Sublingual administration of certain buffered propranolol may improve the rate and extent of absorption compared to oral administration. The main objectives of this study were to (1) compare the plasma propranolol concentrations (Cp-prop) following sublingual administration of a specially buffered formulation (Promptol™) to that following oral administration of Inderal(®) and (2) evaluate the utility of a special pharmacokinetic model in describing the Cp-prop following sublingual administration. Eighteen healthy volunteers received 10 mg sublingual Promptol™ or oral Inderal(®). Multiple Cp-prop were determined and their pharmacokinetics compared. Additional data following sublingual 40 mg Promptol™ or Inderal(®) were utilized for evaluation of a special advanced compartmental absorption and transit (ACAT) model.
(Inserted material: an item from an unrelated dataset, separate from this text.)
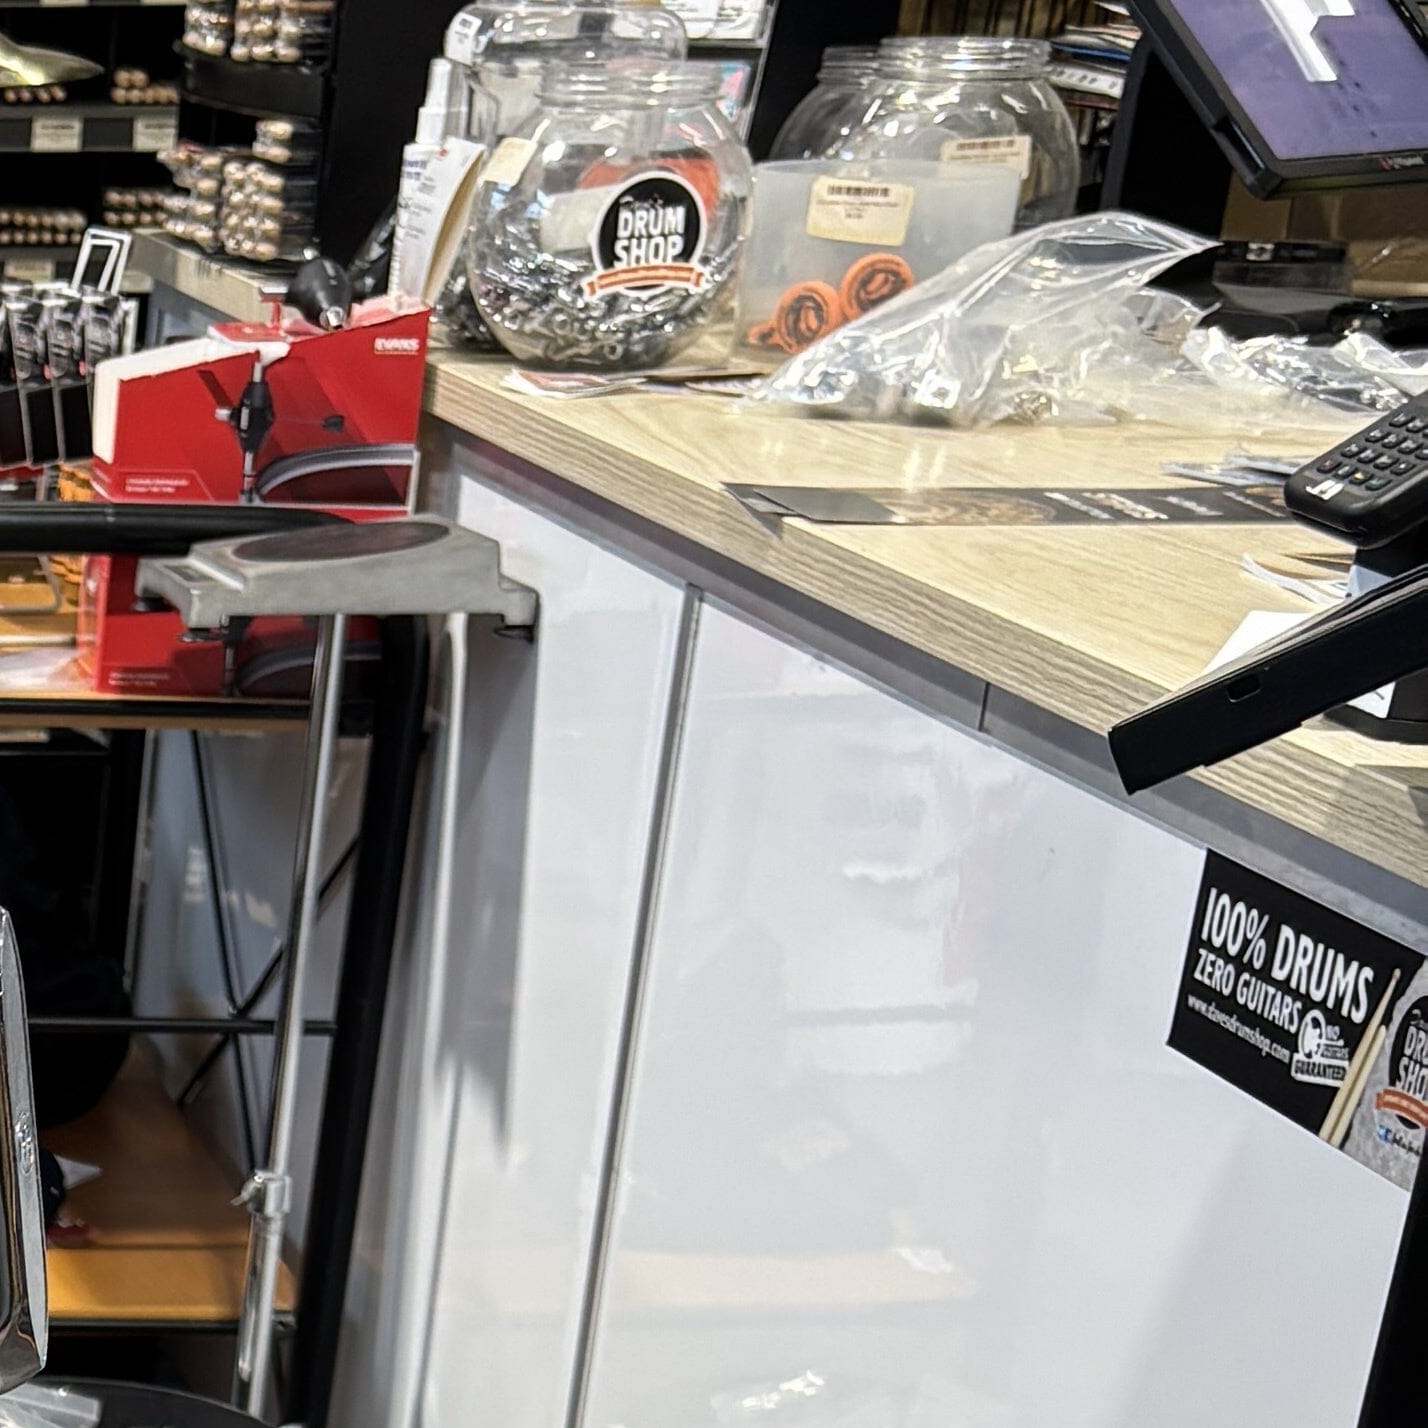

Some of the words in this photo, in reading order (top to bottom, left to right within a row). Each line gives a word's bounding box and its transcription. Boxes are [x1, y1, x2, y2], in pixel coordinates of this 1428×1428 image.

For model simulation, the physicochemical parameters were imported from AMET predictor, whereas the pharmacokinetic parameters were calculated and optimized by Gastroplus(®). Based on this model, the quantity of drug absorbed via buccal/sublingual mucosa was estimated. Cp-prop was higher at earlier times with 3-fold greater relative bioavailability following sublingual Promptol™ compared to that from oral Inderal(®). The special ACAT model provided excellent goodness of fit of Cp-prop-time curve and estimated a 56.6% increase in absorption rate from Promptol™ and higher initial Cp-prop compared to the regular formulation. The modified ACAT model provided a useful approach to describe sublingual absorption of propranolol and clearly demonstrated an improvement of absorption of Promptol™. The sublingual 10 mg Promptol™ achieved not only a similar systemic exposure as 30 mg oral Inderal(®) but an earlier effective Cp-prop which may be advantageous for certain clinical conditions.